Dá-me a tua mão meu amor
deixa-me tocar na tua pele de peixe amordaçado enquanto se ouve o leve silêncio
do filtro de água, que de quando em vez, e quase sempre
Borbulhar também o sinto,
eu também responde ele, pequenas gotinhas de oxigénio são lançadas para a lua e
tu meu amor eu amo-te tanto mais do que a liberdade de dançarmos de mãos juntas,
no tanque dos bombeiros voluntários,
Naquele dia era tarde.

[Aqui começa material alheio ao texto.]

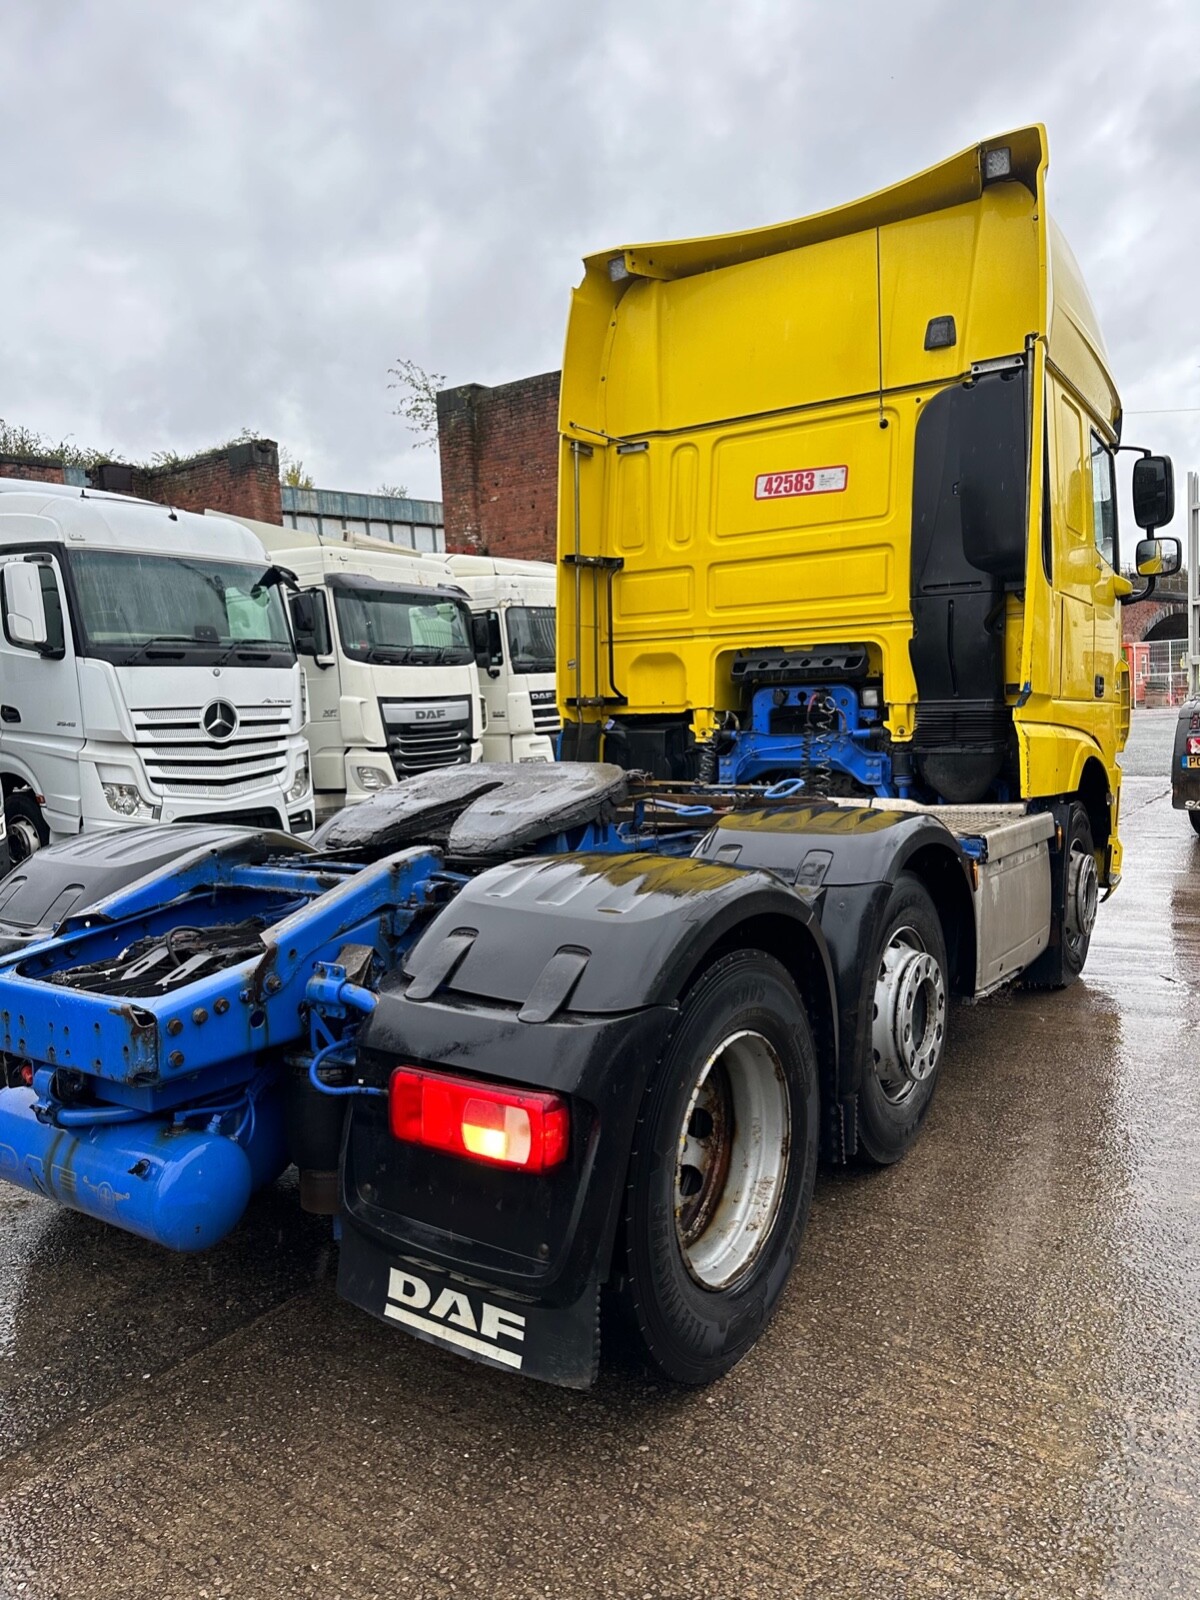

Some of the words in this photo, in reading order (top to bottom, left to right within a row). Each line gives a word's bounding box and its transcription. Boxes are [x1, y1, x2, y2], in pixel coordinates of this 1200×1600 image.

[764, 472, 815, 495] 42583
[531, 692, 553, 700] DAF
[415, 709, 446, 720] DAF
[387, 1266, 526, 1341] DAF

Havia
baldes com uvas, das mãos das vindimadeiras, o brilho olhar de que um dia,
A vida vai melhorar meu
filho
Eu tenho uma figueira que
dança depois do jantar, saíamos todos, eu e eles, e elas, a algazarra de um
bairro enigmático, o bairro dos sonhos, o eterno bairro do hospital, a casa
número quinze quase em chamas de tanta heroína ter fumado, uma das noites
quando regressava a casa,
Ele olhou para a lua, e viu
com os dois olhinhos mais parecendo fragas do que olhinhos, quanto mais a lua
E sobre a árvore grande e
centenário plátano de Alijó, um menino brincava com a bicicleta, olhei-o
Fechei o olhos. Abri novamente
as persianas da última bebida da noite, e
E lá estava ele em cima
da mais bela árvore e folgante como a charrua que desbrava um texto depois de
sonhado, e em vez de ir dormir
Descia a rua, e depois
Sentava-me em frente ao
rio. E escrevia. E desenhava.
Um menino a brincar com
uma bicicleta sobre um plátano centenário.